GM #2, exhibiting a mode coupling frequency across the 10–30 Hz frequency range, demonstrates unique interactions with the incident PSV1 and PSV2 modes, as depicted in Figs. 9(b) and 9(d). Although the longitudinal-resonance mode persists throughout the frequency range until fL(min) = 25.5 Hz [marked in Figs. 9(b) and 9(d)], the incident PSV1 mode is predominantly reflected upon encountering the resonator whose mode coupling frequency in its hybridized dispersion curves matches the excitation frequency. This behavior is illustrated in the transmission/reflection spectra in Fig. 9(b) and the inset showing the out-of-plane displacement field. We also observe an anomaly in the transmission/reflection spectra around 20 Hz with considerable transmission. While the cause of this phenomenon is unknown, we speculate that the efficacy of the mode coupling in reflecting the incident PSV1 mode diminishes as frequencies approach the fL(min) frequency. Additionally, mode conversions to transmitted and reflected PSV2 modes are weak across the frequency range.

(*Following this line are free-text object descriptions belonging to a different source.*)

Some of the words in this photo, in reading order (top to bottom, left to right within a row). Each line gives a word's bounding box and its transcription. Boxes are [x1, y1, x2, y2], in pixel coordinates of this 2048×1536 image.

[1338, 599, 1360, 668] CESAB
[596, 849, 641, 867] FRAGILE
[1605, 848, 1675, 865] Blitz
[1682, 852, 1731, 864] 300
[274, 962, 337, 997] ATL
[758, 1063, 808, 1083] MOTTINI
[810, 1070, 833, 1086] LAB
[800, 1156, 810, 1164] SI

Remarkably, for an incident PSV2 mode, we observe a broadband suppression of the PSV2 mode due to its conversion to the PSV1 mode for frequencies below fL(min), as illustrated in Fig. 9(d) and the inset showing the simulation snapshot. This “downconversion” in the surface mode order (PSV2 to PSV1) is attributed to the mode coupling exhibited by the resonators within the graded metabarrier. After surpassing the fL(min), most of the incident PSV2 mode is observed to be significantly reflected back as the PSV2 mode with a weak mode-converted PSV1 mode, as illustrated in the transmission/reflection spectra. In conclusion, while the GM #2 with increasing resonator heights effectively suppresses the PSV2 mode, albeit through a distinct mechanism from GM #1, and efficiently reflects the incident PSV1 mode, the mode conversion of the incident PSV2 mode to PSV1 compromises the metabarrier's efficacy in suppressing the PSV1 mode.

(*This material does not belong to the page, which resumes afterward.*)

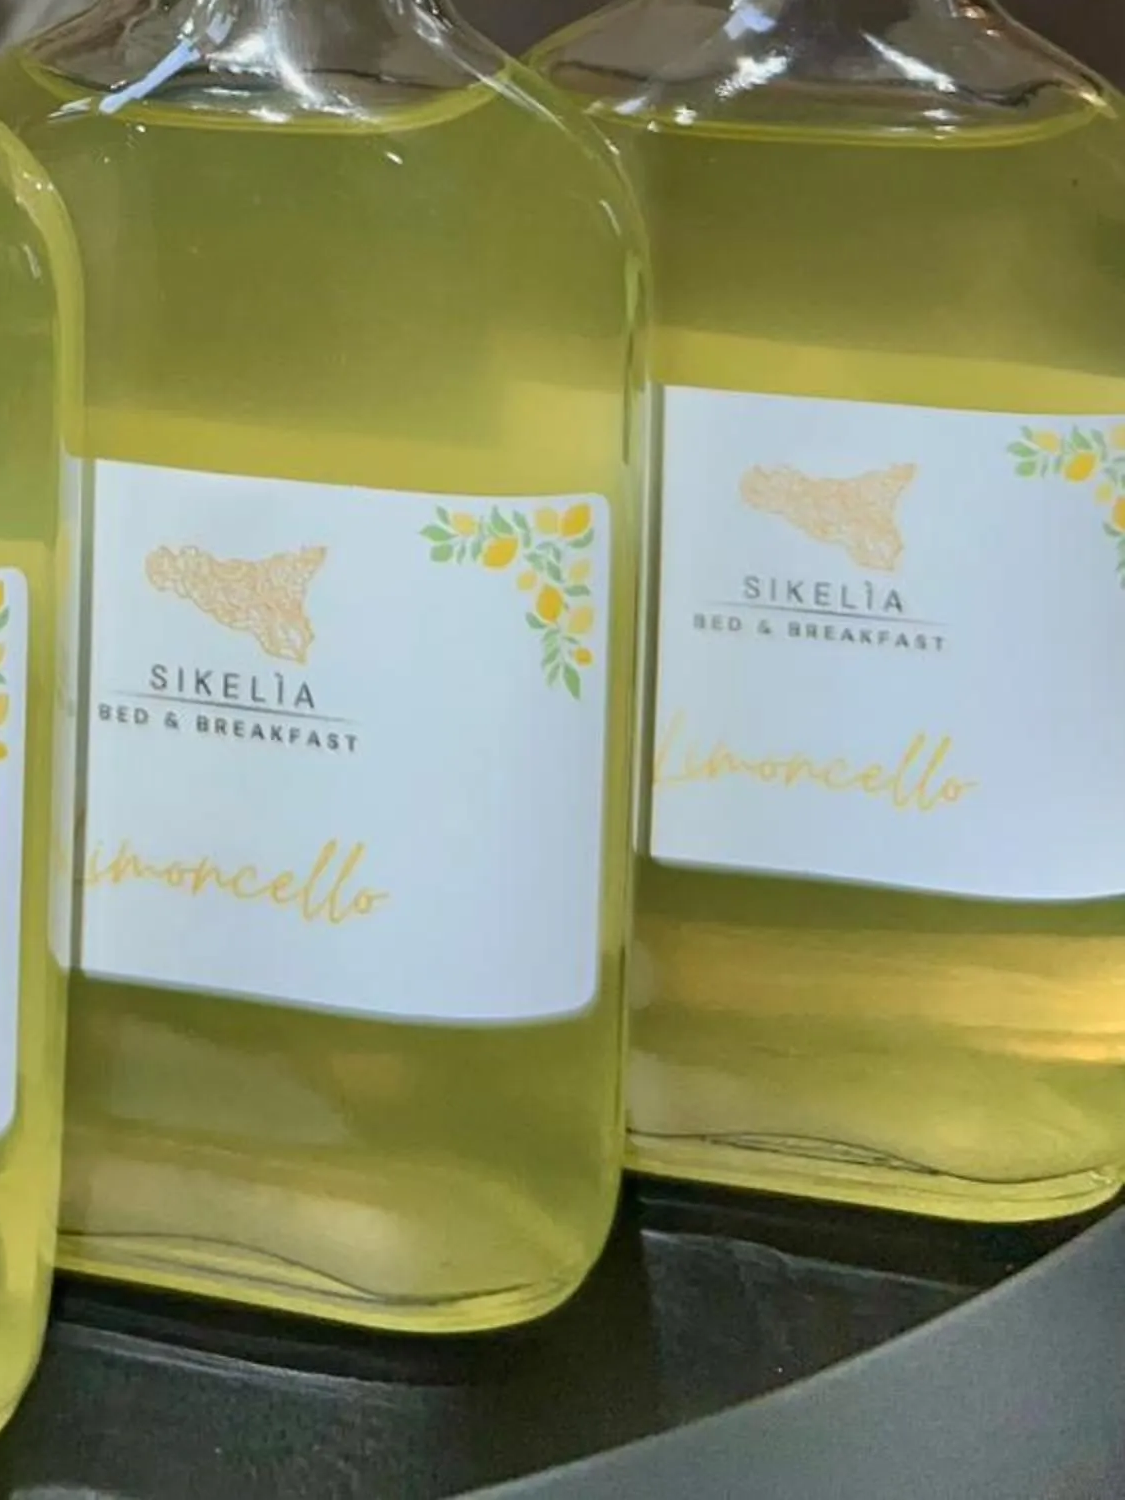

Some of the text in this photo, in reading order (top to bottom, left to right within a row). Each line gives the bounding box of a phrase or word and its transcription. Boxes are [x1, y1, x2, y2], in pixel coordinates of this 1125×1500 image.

[692, 612, 948, 653] BED & BREAKFAST
[97, 702, 360, 754] BED & BREAKFAST
[652, 707, 979, 812] Limoncello
[83, 836, 390, 926] imoncello

The interaction of the incident PSV1 and PSV2 modes with the GMs #1 and #2, featuring decreasing resonator heights, is illustrated in Fig. 10. As expected, the performance of GM #1, with decreasing resonator heights, towards incident PSV1 and PSV2 modes closely resembles that of increasing resonator heights [compare Fig. 10(a) and Fig. 9(a) and Fig. 10(c) and Fig. 9(c)], owing to the absence of mode coupling frequency among resonators within the frequency range of interest [Fig. 8(a)]. Therefore, the conclusions drawn for the metabarrier with increasing resonator heights, namely, their effectiveness in predominantly suppressing the PSV2 mode across a broad frequency range, apply to the case of decreasing resonator heights. Hence, in the absence of mode coupling, the behavior of graded metabarriers towards surface modes in granular media remains unaffected by the choice of grading (increasing or decreasing), which contrasts with their behavior towards surface waves in a homogeneous medium (Colombi , 2016).

FIG. 10.

(Color online) Frequency-domain finite element analyses to study the interactions of PSV1 and PSV2 modes with graded metabarriers (GMs #1 and #2), featuring decreasing resonator height in the wave propagation direction. Transmission and reflection amplitude coefficients of PSV1 and PSV2 modes for an incident PSV1 mode over (a) GM #1 and (b) GM #2 and for an incident PSV2 mode over (c) GM #1 and (d) GM #2. Insets in each subfigure illustrate the out-of-plane displacement field [Real(Uz)] at the marked frequency to visualize the mode interactions.

FIG. 10.

(Color online) Frequency-domain finite element analyses to study the interactions of PSV1 and PSV2 modes with graded metabarriers (GMs #1 and #2), featuring decreasing resonator height in the wave propagation direction. Transmission and reflection amplitude coefficients of PSV1 and PSV2 modes for an incident PSV1 mode over (a) GM #1 and (b) GM #2 and for an incident PSV2 mode over (c) GM #1 and (d) GM #2. Insets in each subfigure illustrate the out-of-plane displacement field [Real(Uz)] at the marked frequency to visualize the mode interactions.

Close modal

In GM #2 with decreasing resonator heights, PSV1 mode suppression is attained through a notable mode conversion (“upconversion” in the surface mode order) of the incident PSV1 mode to PSV2 [Fig. 10(b)]. This mechanism of PSV1 mode suppression contrasts with that exhibited by the same metabarrier configuration but with increasing resonator heights, where the incident PSV1 mode is significantly reflected without any mode conversion [compare Fig. 10(b) and Fig. 9(b)]. However, above the fL(min) [marked in Figs. 10(b) and 10(d)], the metabarriers with increasing and decreasing height behave similarly, with the incident PSV1 mode predominantly reflected. We also observe a similar anomaly with enhanced PSV1 mode transmissions around 20 Hz, as seen in the case of increasing resonator height [Fig. 9(b)]. On the other hand, unlike the mechanism where PSV2 mode suppression is achieved by mode converting to the PSV1 mode for GM #2 with increasing resonator heights, in the case of decreasing resonator heights, PSV2 mode suppression predominantly occurs by localizing the PSV2 mode into the half-space without significant mode conversions, similar to the GM #1 [compare Fig. 10(d) and Fig. 9(d)]. At higher frequencies beyond the fL(min), most of the incident PSV2 mode is observed to be reflected, similar to that demonstrated for GM #2 with increasing resonator heights.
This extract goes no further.